BEGIN MATERIAL FOR THE TASK

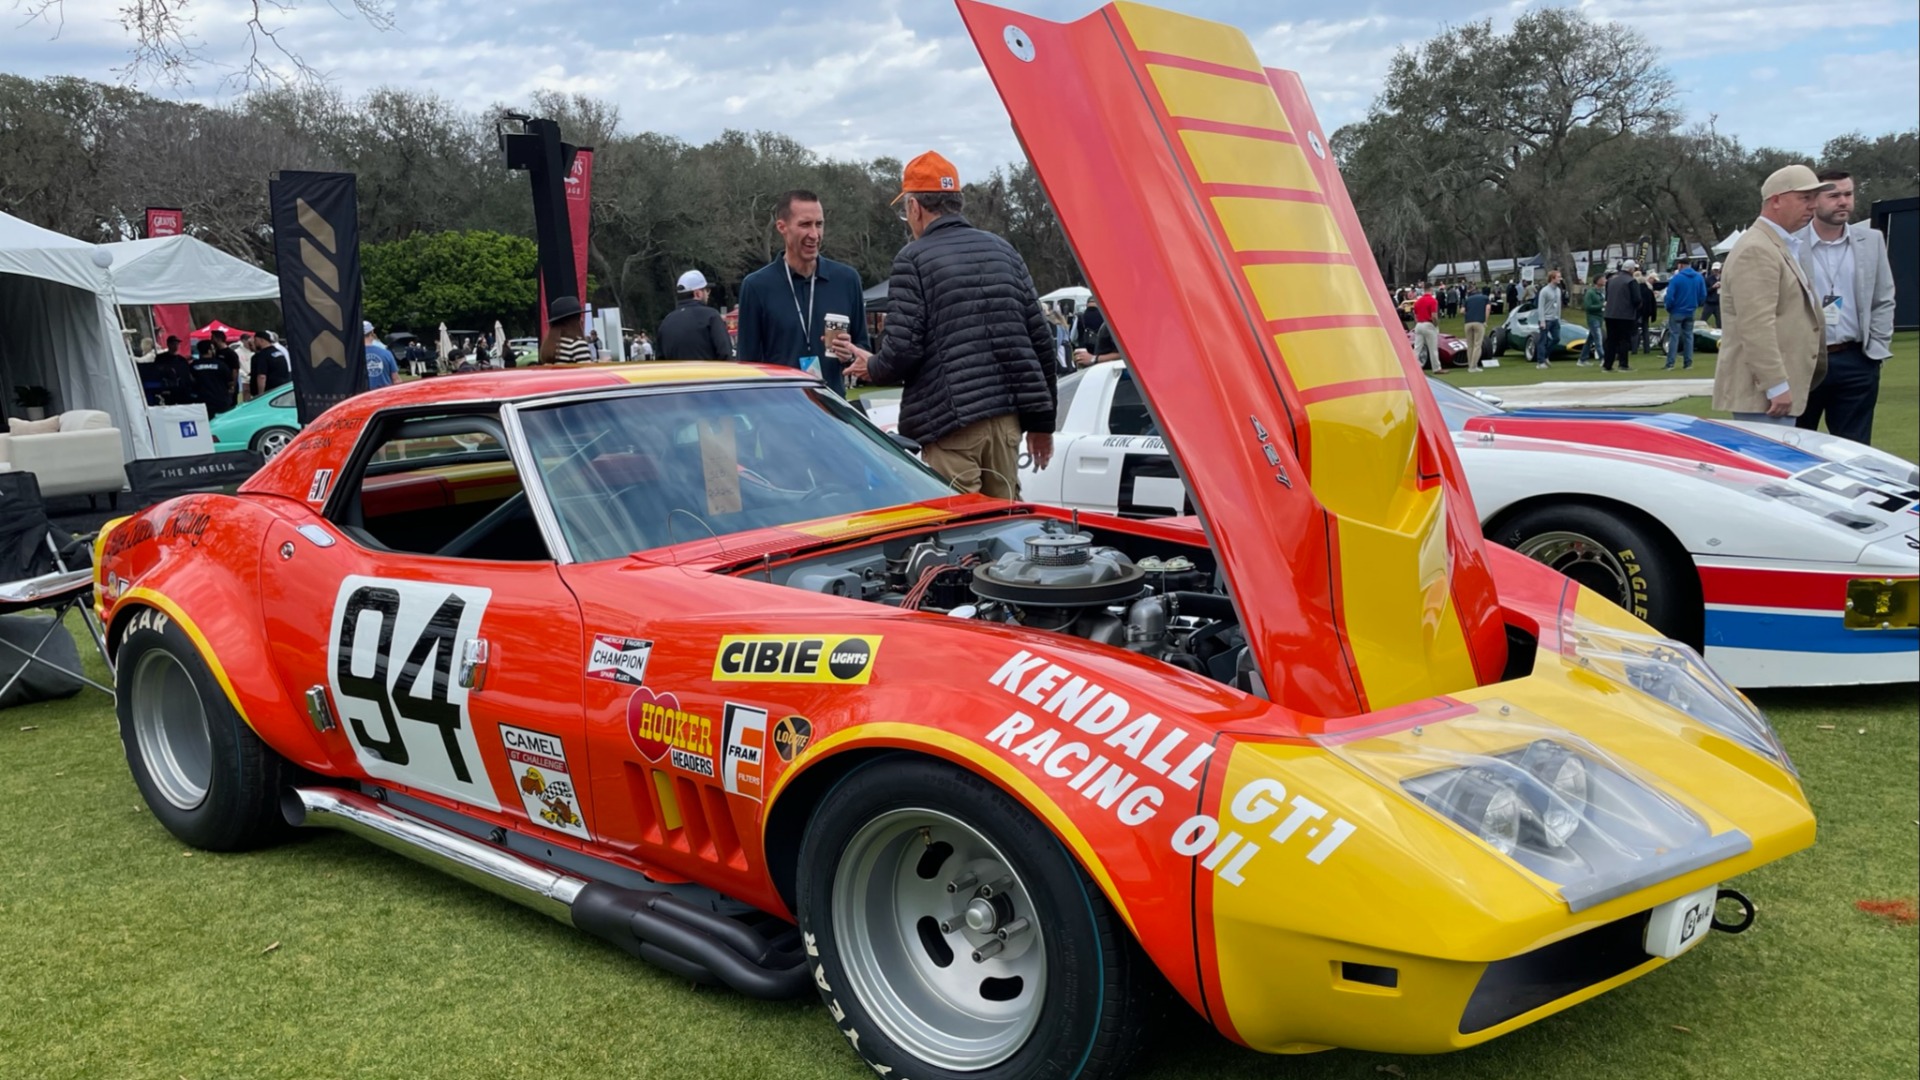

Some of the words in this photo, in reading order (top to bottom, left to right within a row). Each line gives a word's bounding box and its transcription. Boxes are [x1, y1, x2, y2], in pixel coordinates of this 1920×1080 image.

[942, 177, 953, 188] 94
[1250, 414, 1293, 489] 427
[161, 468, 184, 478] THE
[189, 463, 235, 475] AMELIA
[1618, 549, 1648, 620] EAGLE
[593, 650, 645, 670] CHAMPION
[830, 653, 869, 665] LIGHTS
[338, 585, 473, 784] 94
[600, 671, 615, 679] SPARK
[616, 674, 630, 682] PLUGS
[638, 702, 713, 757] HOOKER
[988, 650, 1216, 791] KENDALL
[505, 730, 562, 758] CAMEL
[728, 745, 757, 761] FRAM
[510, 752, 520, 760] GT
[522, 754, 564, 771] CHALLENGE
[672, 750, 713, 776] HEADERS
[738, 773, 760, 786] FILTERS
[985, 711, 1165, 827] RACING
[1170, 814, 1261, 887] OIL
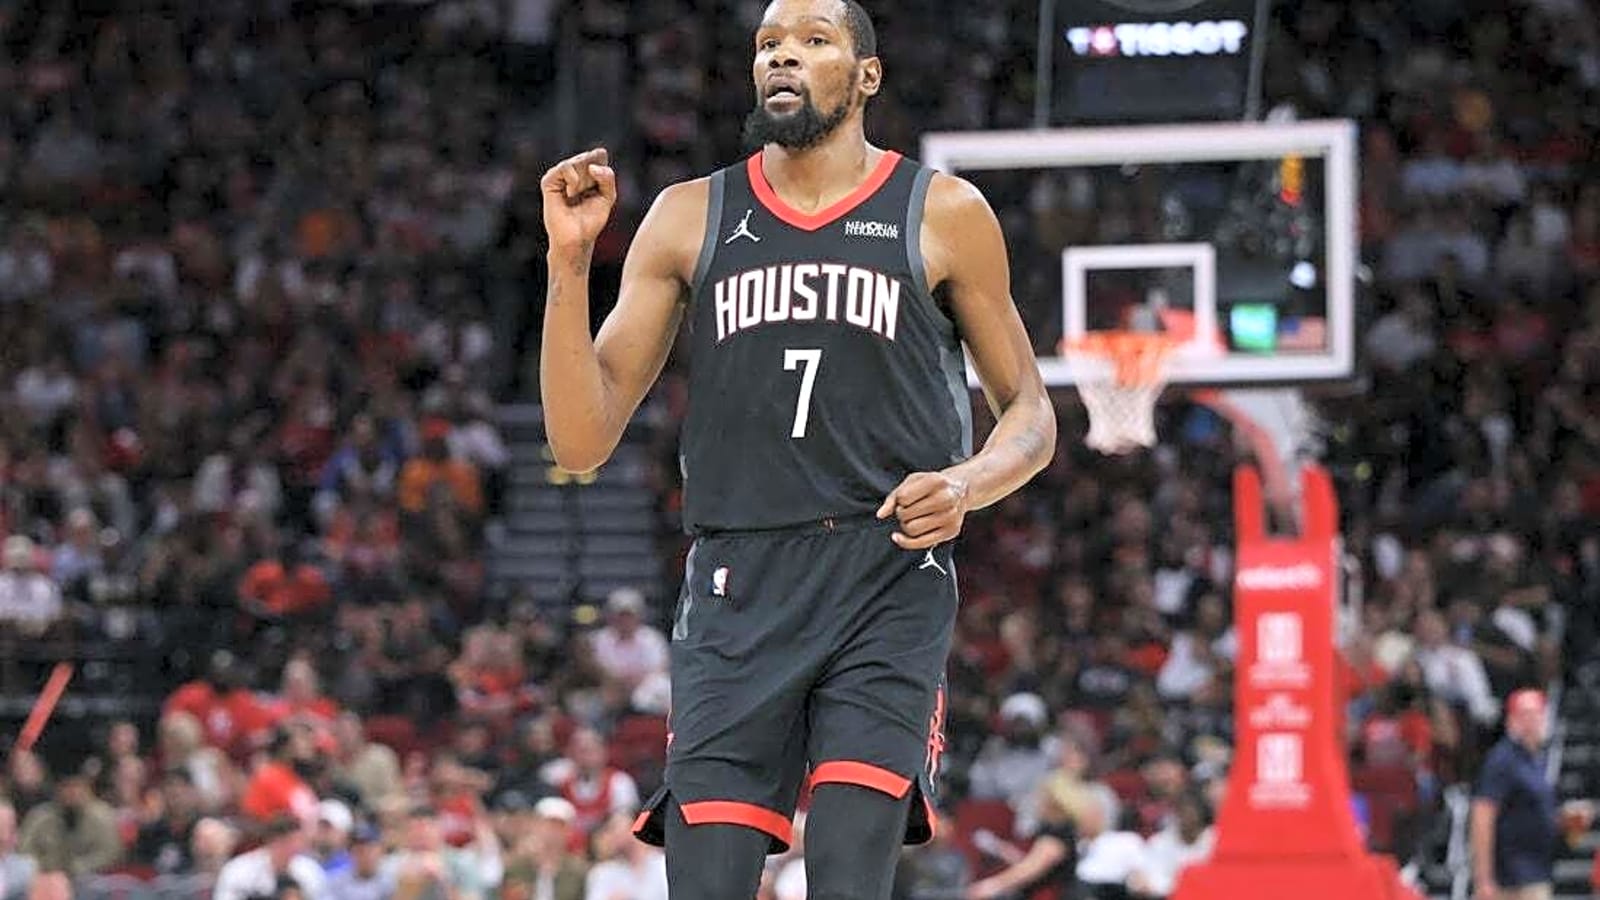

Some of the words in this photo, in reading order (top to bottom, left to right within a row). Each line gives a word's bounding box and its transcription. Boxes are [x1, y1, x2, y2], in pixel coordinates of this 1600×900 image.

[1114, 20, 1247, 56] TISSOT
[714, 262, 901, 342] HOUSTON
[783, 348, 822, 438] 7
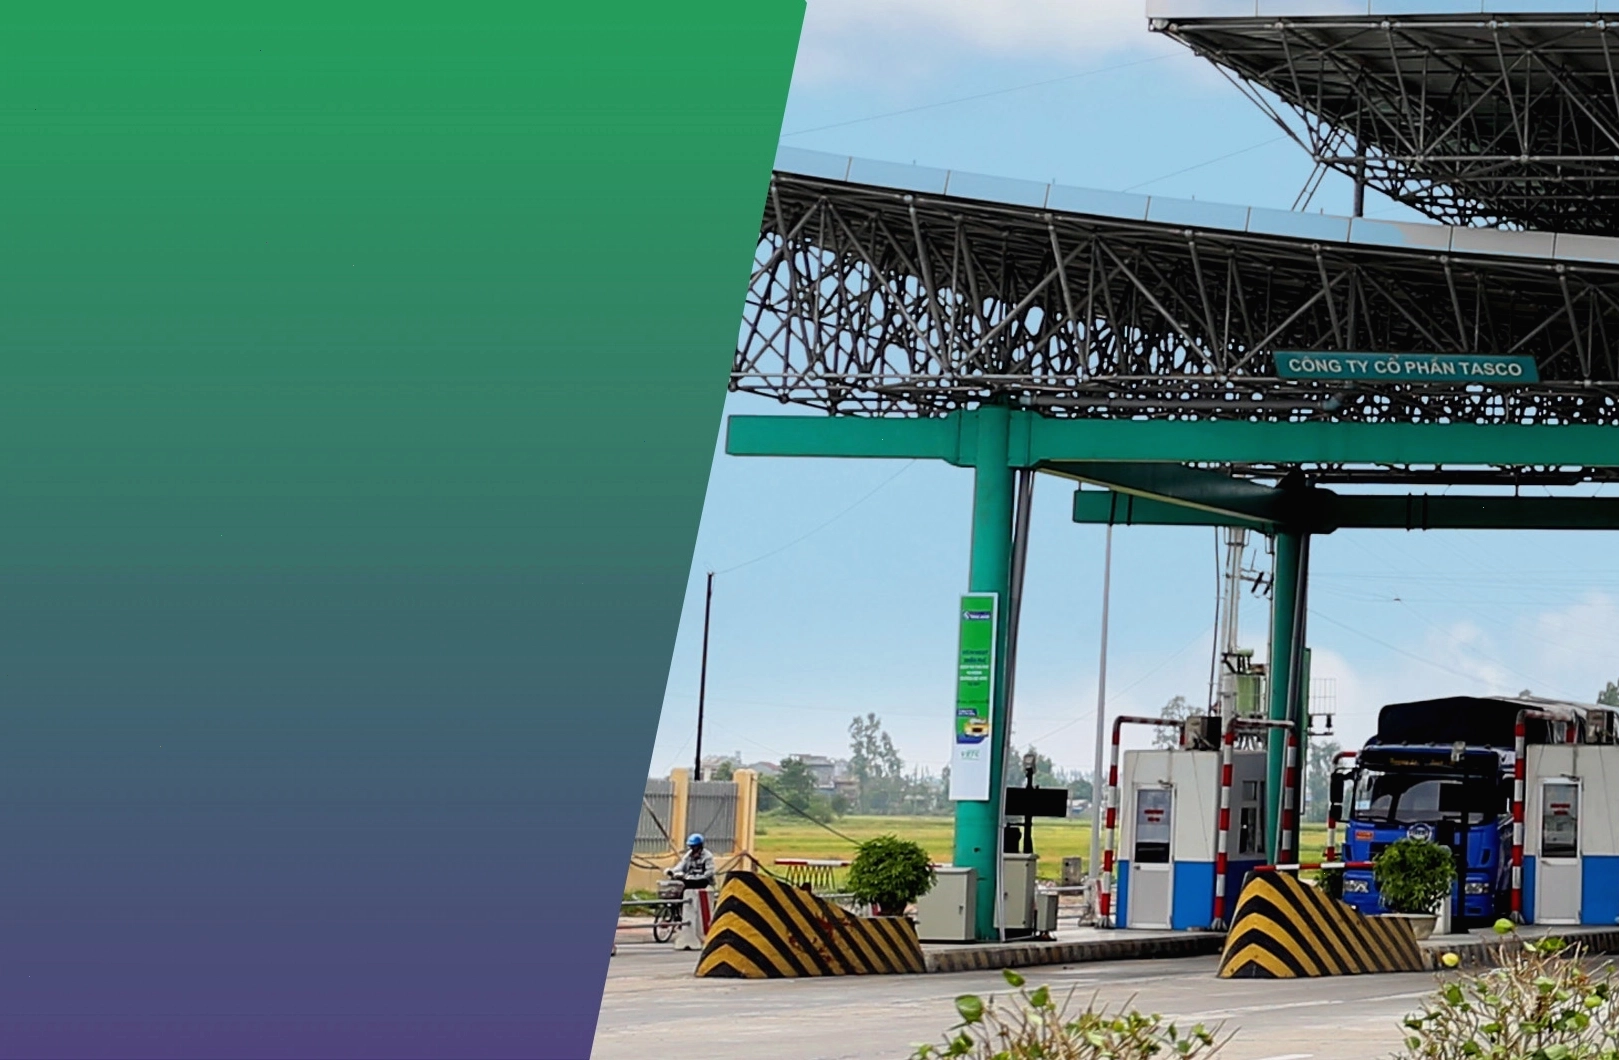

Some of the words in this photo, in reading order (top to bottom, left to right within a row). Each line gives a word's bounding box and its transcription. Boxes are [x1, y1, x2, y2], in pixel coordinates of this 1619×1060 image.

[1288, 356, 1342, 373] CÔNG
[1346, 360, 1368, 373] TY
[1374, 354, 1401, 374] CỔ
[1458, 362, 1522, 377] TASCO

END MATERIAL FOR THE TASK

#### WHAT YOU SHOULD DO
Quote all the records verbatim, dropping any pictures from your copy.

#### RESULT OF THE TASK
Some of the words in this photo, in reading order (top to bottom, left to right within a row). Each line gives a word's bounding box and its transcription. Boxes are [x1, y1, x2, y2], in pixel coordinates of this 1920×1080 image.

[942, 177, 953, 188] 94
[1250, 414, 1293, 489] 427
[161, 468, 184, 478] THE
[189, 463, 235, 475] AMELIA
[1618, 549, 1648, 620] EAGLE
[593, 650, 645, 670] CHAMPION
[830, 653, 869, 665] LIGHTS
[338, 585, 473, 784] 94
[600, 671, 615, 679] SPARK
[616, 674, 630, 682] PLUGS
[638, 702, 713, 757] HOOKER
[988, 650, 1216, 791] KENDALL
[505, 730, 562, 758] CAMEL
[728, 745, 757, 761] FRAM
[510, 752, 520, 760] GT
[522, 754, 564, 771] CHALLENGE
[672, 750, 713, 776] HEADERS
[738, 773, 760, 786] FILTERS
[985, 711, 1165, 827] RACING
[1170, 814, 1261, 887] OIL

Some of the words in this photo, in reading order (top to bottom, left to right within a row). Each line gives a word's bounding box and its transcription. Boxes are [x1, y1, x2, y2], in pixel coordinates of this 1600×900 image.

[1114, 20, 1247, 56] TISSOT
[714, 262, 901, 342] HOUSTON
[783, 348, 822, 438] 7

Some of the words in this photo, in reading order (top to bottom, left to right within a row). Each line gives a word's bounding box and its transcription. Boxes are [x1, y1, x2, y2], in pixel coordinates of this 1619×1060 image.

[1288, 356, 1342, 373] CÔNG
[1346, 360, 1368, 373] TY
[1374, 354, 1401, 374] CỔ
[1458, 362, 1522, 377] TASCO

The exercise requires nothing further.